## EXERCISE DIRECTIONS
Repeat every entry word for word, but leave the images out of your copy.

(Saved entries)
§ §
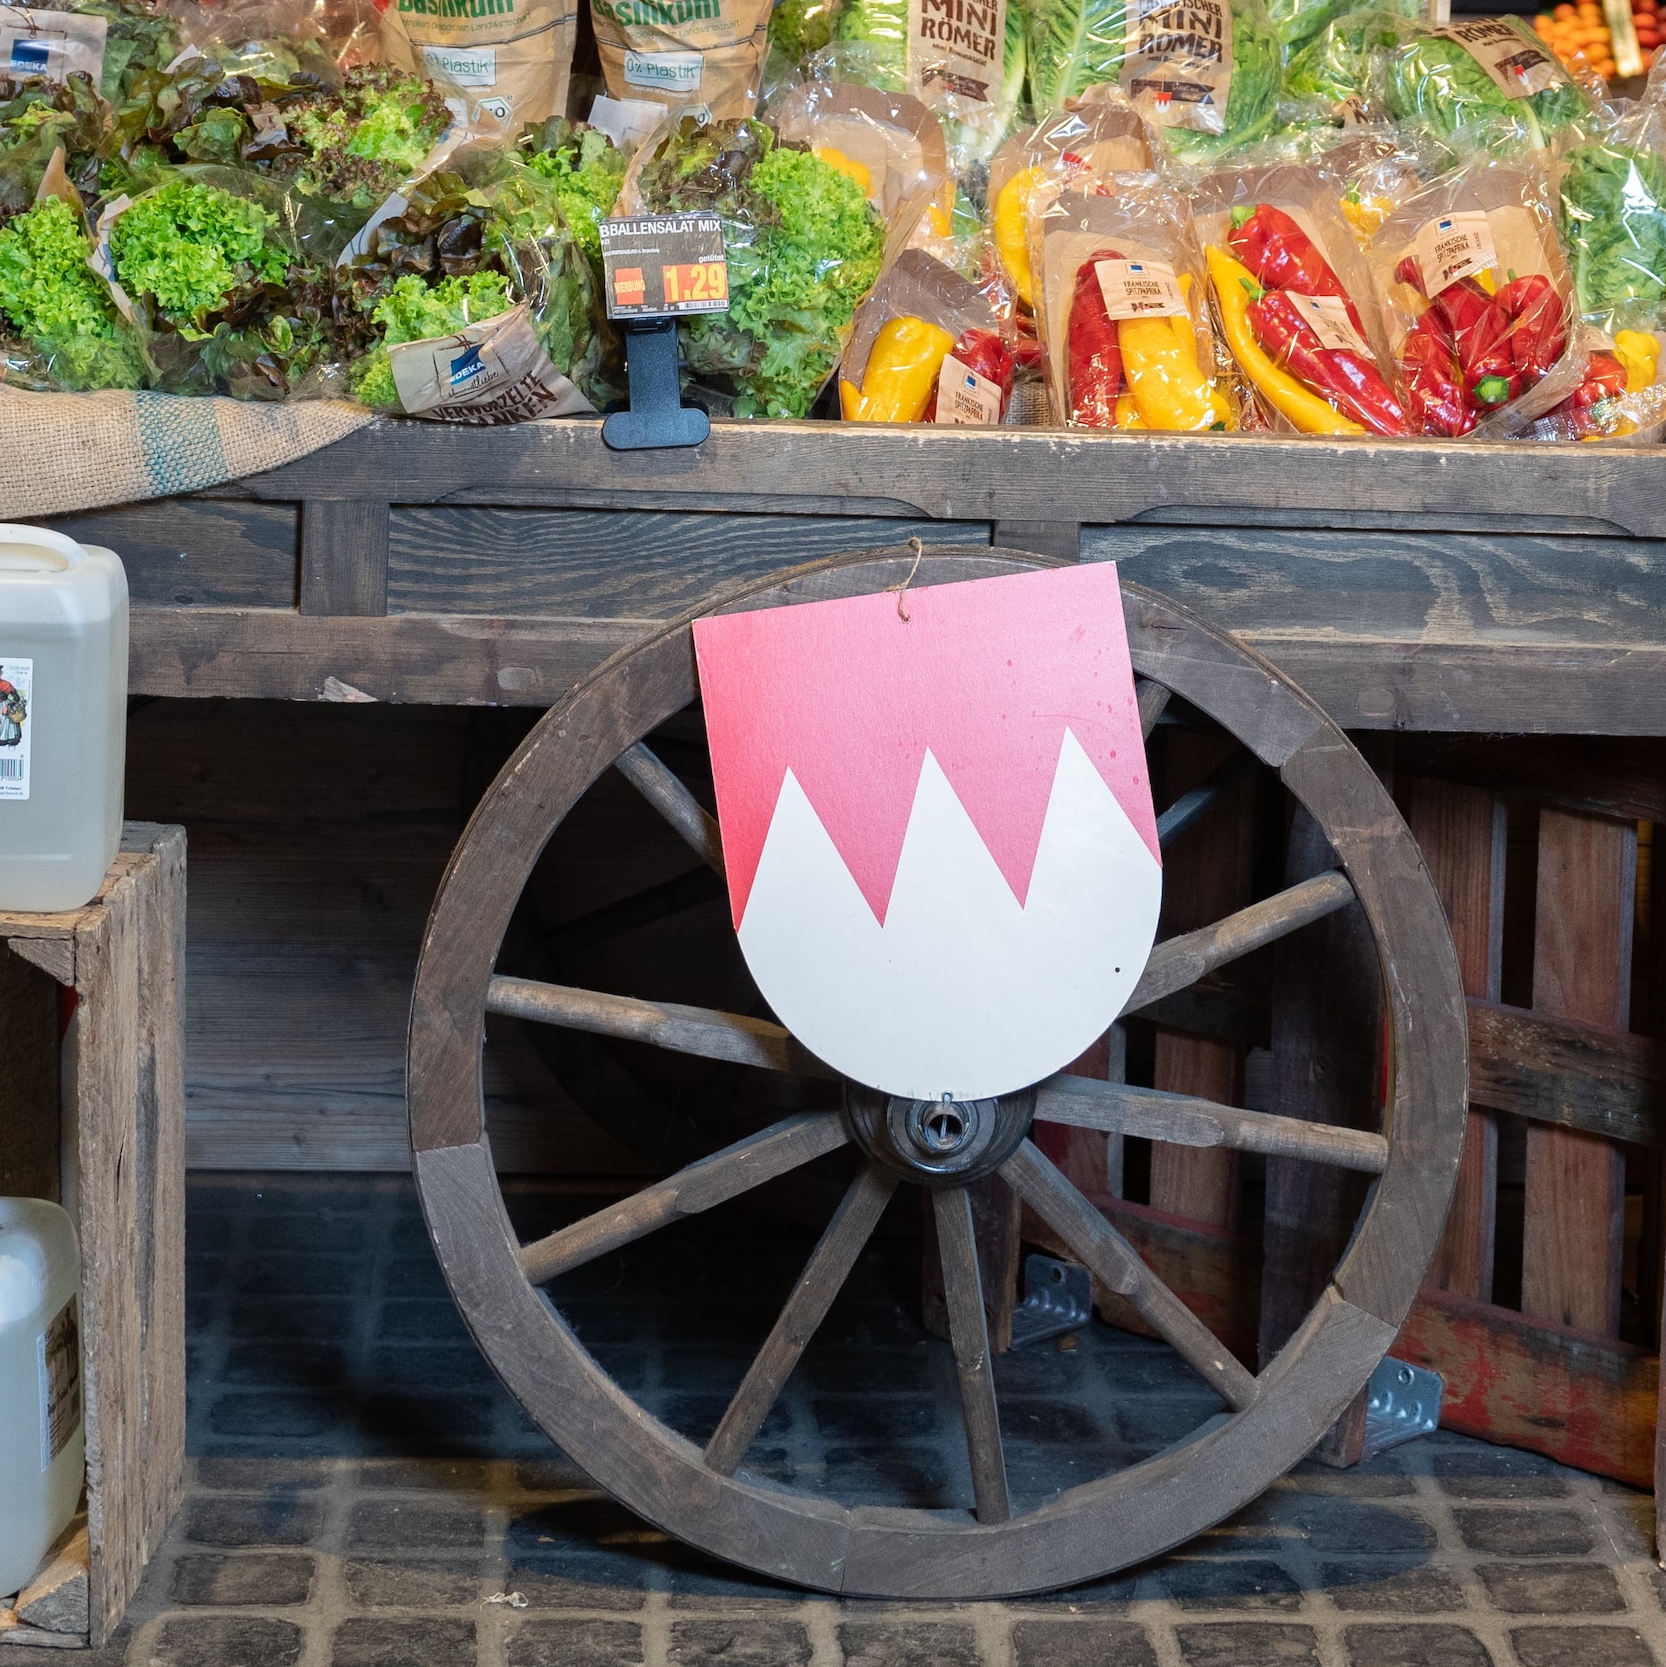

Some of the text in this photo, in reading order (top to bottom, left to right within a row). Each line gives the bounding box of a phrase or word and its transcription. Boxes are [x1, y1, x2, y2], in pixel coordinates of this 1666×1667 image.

[921, 16, 995, 61] RÖMER
[442, 57, 488, 74] Plastik
[627, 58, 696, 78] 0% Plastik
[698, 220, 721, 232] MIX
[666, 264, 726, 301] 1.29
§ §
## OUTPUT FOR THIS TASK
Some of the text in this photo, in reading order (top to bottom, left to right within a row). Each line gives the bounding box of a phrase or word and its transcription. Boxes are [x1, y1, x2, y2], in pixel coordinates of this 1666×1667 image.

[921, 16, 995, 61] RÖMER
[442, 57, 488, 74] Plastik
[627, 58, 696, 78] 0% Plastik
[698, 220, 721, 232] MIX
[666, 264, 726, 301] 1.29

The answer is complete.